**Task to carry out:**
Transcribe each entry exactly; skip the images.

**Task material:**
■ ■ ■ ■ ■ ■ ■
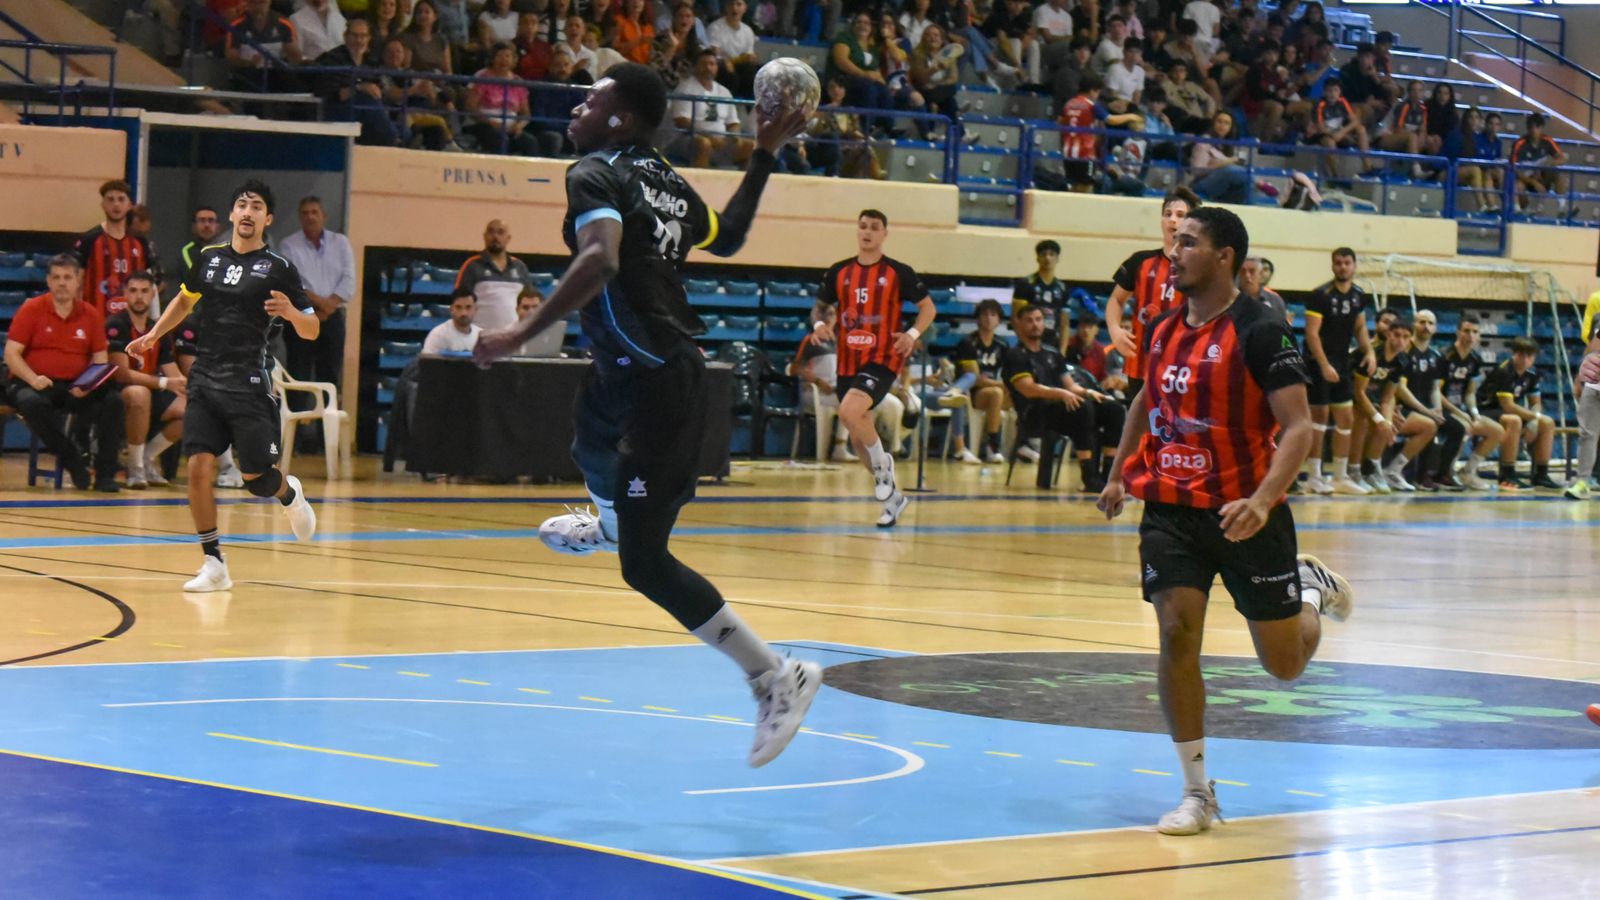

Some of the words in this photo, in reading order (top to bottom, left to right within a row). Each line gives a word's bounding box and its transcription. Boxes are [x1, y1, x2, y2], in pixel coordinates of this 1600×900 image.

[443, 167, 506, 186] PRENSA
[113, 258, 128, 273] 90
[223, 264, 244, 285] 99
[854, 287, 869, 304] 15
[1160, 283, 1175, 302] 14
[1161, 365, 1192, 394] 58
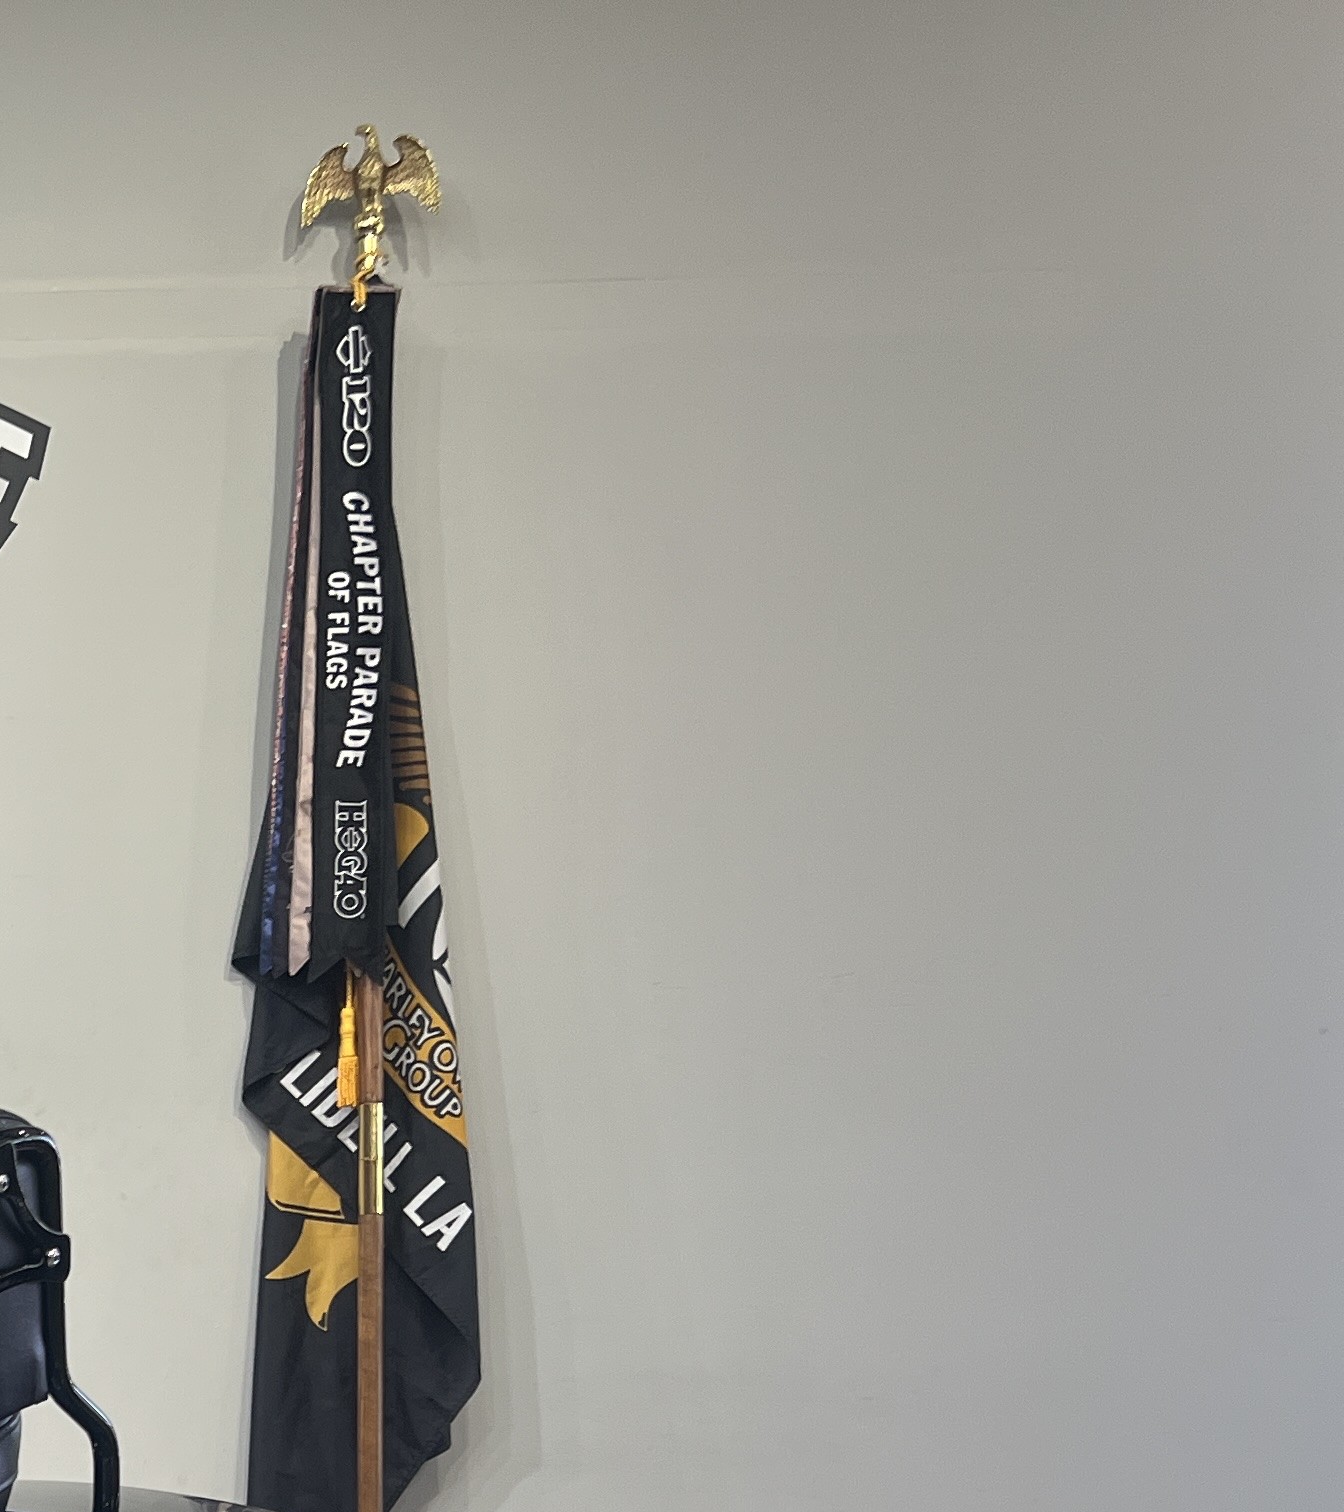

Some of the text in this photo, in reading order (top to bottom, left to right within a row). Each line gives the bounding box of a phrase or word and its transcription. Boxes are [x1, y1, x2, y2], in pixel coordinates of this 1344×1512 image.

[341, 374, 372, 467] 120
[325, 571, 351, 690] OF FLAGS
[336, 490, 384, 768] CHAPTER PARADE
[382, 953, 444, 1047] ARLEY
[382, 1018, 462, 1117] GROUP
[403, 1174, 473, 1252] LA
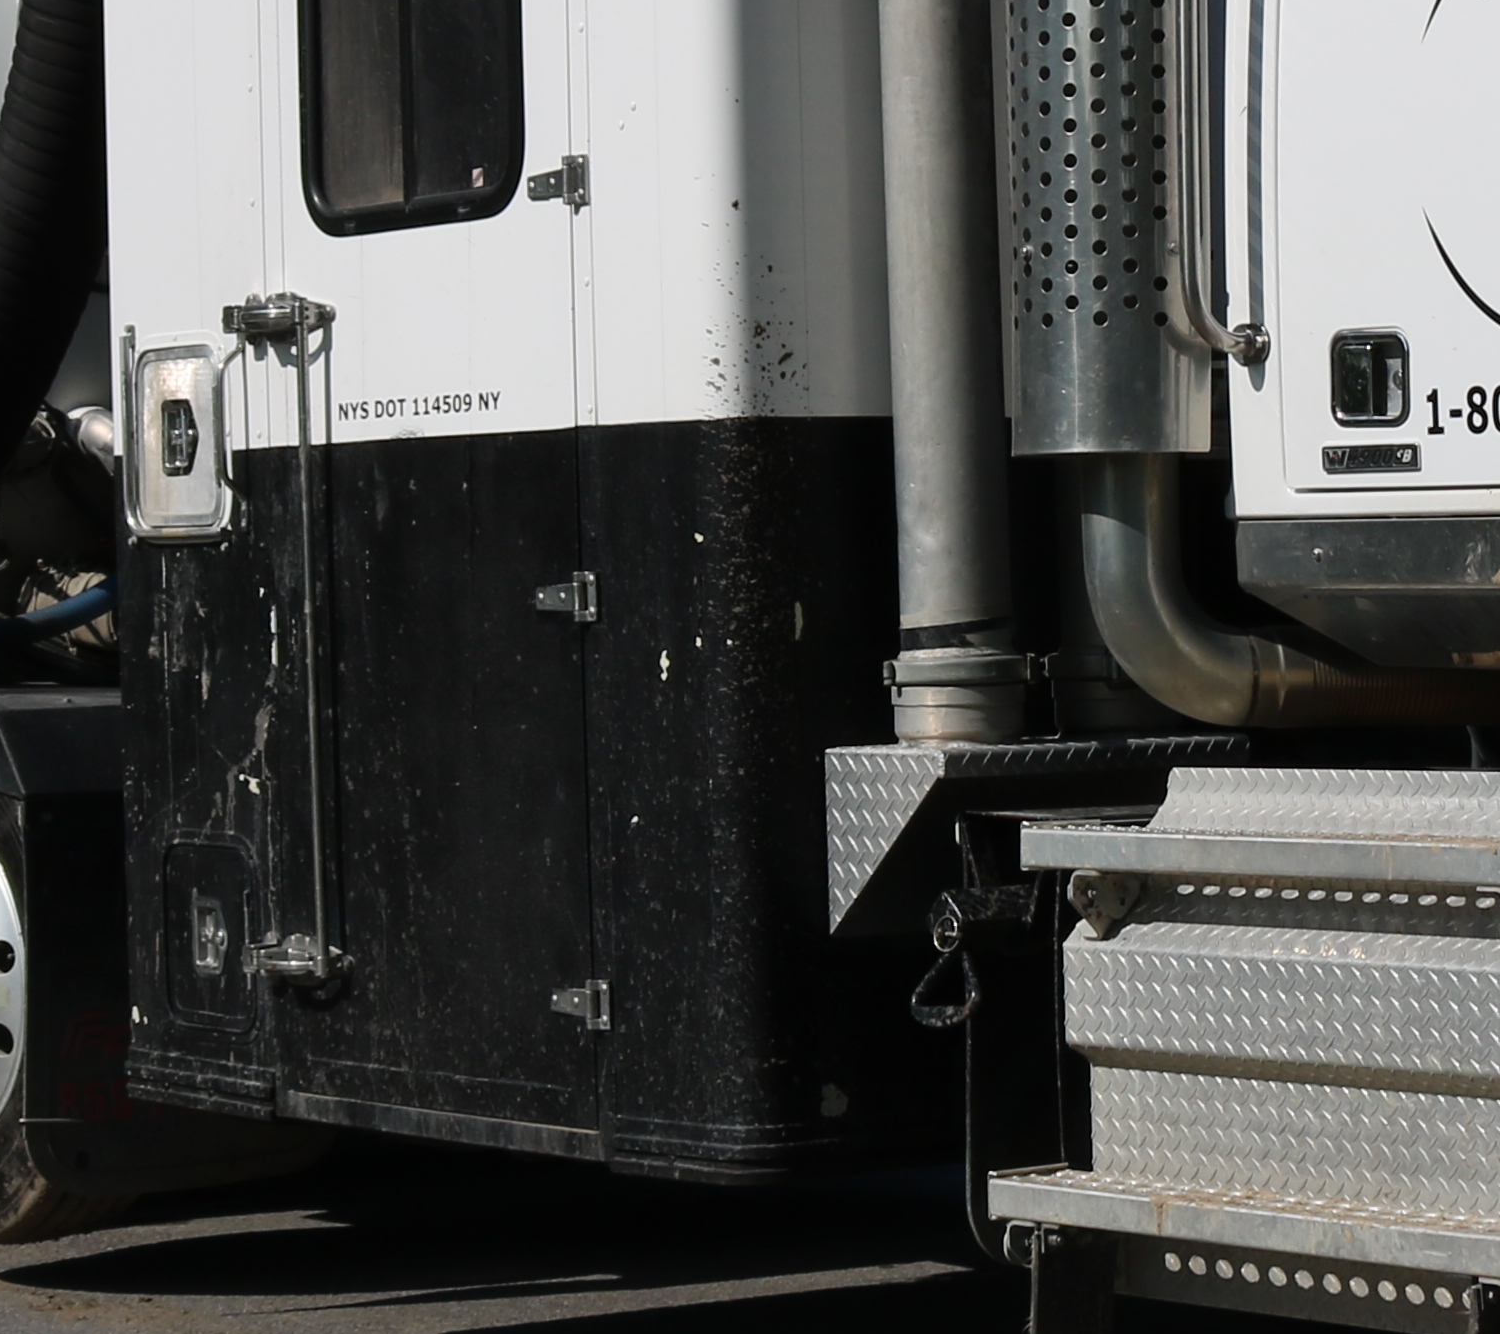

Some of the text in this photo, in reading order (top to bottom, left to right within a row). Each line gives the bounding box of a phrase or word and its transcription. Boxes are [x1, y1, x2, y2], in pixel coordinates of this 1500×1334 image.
■ ■ ■ ■ ■ ■ ■
**Result below:**
Some of the words in this photo, in reading order (top to bottom, left to right within a row). Each line gives a word's bounding box and its transcription. Boxes are [x1, y1, x2, y2], in pixel coordinates of this 1600×900 image.

[443, 167, 506, 186] PRENSA
[113, 258, 128, 273] 90
[223, 264, 244, 285] 99
[854, 287, 869, 304] 15
[1160, 283, 1175, 302] 14
[1161, 365, 1192, 394] 58

Some of the text in this photo, in reading order (top to bottom, left to right within a row). Each line gives the bounding box of a phrase or word and its transcription. Boxes are [x1, y1, x2, y2], in pixel coordinates of this 1344×1512 image.

[341, 374, 372, 467] 120
[325, 571, 351, 690] OF FLAGS
[336, 490, 384, 768] CHAPTER PARADE
[382, 953, 444, 1047] ARLEY
[382, 1018, 462, 1117] GROUP
[403, 1174, 473, 1252] LA

Some of the text in this photo, in reading order (top to bottom, left to right within a row). Each line gives the bounding box of a phrase or word and its transcription. Boxes are [x1, y1, x2, y2], in pixel coordinates of this 1500×1334 image.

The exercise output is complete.